Around Easter they had lots of bunnies to make with little backpacks and baskets. The bigger sculptures head to the weddings and casinos and the parties in our boomtown.

Hearts are a popular design for weddings. The sculpture is cut by a machine in about 20 minutes. It will last for six-eight hours. Justin Cox controls the design with a computer program.
Credit KUOW Photo/Kara McDermott

Creative Ice is in Kent because it's smack in the middle of Seattle, Tacoma and Bellevue — as the delivery truck drives. Cox said there are other important benefits: He can buy spare parts for his saw from the neighbors.

"I found it a half mile away,” he said. “I went in and got it right off the shelf. That doesn't happen in most places."

Opportunities to expand are here too.

"If we wanted to get into food service, all the food service distribution warehouses are in this valley. All the liquor distribution houses are right here," he said

Steve Cox (right) plans to turn over Creative Ice to his son, Justin Cox in a few years, making it a second-generation business.
Credit KUOW Photo/Kara McDermott

And though Creative Ice doesn’t need more than a truck to get its product to market, there are many businesses here with a reach that extends farther. For them, there are the Ports of Seattle and Tacoma and the international airport. They’re all only 10 to 15 miles away.

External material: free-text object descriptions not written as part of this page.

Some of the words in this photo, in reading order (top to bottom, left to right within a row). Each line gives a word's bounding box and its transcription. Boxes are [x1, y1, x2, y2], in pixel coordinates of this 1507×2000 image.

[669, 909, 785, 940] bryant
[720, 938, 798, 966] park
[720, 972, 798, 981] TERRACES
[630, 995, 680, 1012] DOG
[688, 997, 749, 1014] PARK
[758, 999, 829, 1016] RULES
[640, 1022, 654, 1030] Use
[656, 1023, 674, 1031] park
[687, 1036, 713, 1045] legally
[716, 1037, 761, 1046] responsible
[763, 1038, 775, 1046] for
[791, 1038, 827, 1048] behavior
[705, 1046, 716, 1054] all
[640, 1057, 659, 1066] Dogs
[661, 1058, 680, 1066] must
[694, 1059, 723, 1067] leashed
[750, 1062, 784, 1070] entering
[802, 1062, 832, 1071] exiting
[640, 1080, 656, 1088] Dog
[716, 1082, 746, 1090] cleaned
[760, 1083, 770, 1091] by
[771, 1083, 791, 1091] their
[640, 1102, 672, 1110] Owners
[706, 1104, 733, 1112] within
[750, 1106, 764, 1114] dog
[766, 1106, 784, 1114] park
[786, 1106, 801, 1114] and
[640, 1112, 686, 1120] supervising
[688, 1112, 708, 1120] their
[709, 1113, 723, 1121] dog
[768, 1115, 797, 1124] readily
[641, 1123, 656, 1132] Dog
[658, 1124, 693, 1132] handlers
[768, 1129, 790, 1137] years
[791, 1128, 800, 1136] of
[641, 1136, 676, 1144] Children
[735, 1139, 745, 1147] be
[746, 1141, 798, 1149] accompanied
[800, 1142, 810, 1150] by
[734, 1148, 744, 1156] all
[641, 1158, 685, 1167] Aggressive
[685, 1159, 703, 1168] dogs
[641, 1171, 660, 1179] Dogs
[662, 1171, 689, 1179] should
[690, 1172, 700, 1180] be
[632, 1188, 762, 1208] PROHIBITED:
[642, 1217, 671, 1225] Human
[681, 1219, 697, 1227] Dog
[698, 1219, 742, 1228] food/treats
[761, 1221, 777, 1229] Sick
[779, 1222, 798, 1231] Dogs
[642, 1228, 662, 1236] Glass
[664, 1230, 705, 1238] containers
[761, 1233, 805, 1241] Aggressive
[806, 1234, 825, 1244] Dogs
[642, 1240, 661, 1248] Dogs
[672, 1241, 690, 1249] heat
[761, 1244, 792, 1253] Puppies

“It’s the biggest industry that nobody’s ever heard of,” said Balaski of the Ports Alliance. “It affects everybody but you never see it.”

Gloves dry in the Creative Ice shop. The thick black gloves are also used by Alaska fishermen, according to Justin Cox. But he said they stopped making the black, so the shop switched to blue. The orange gloves are cheaper and are used by the 'new guys'.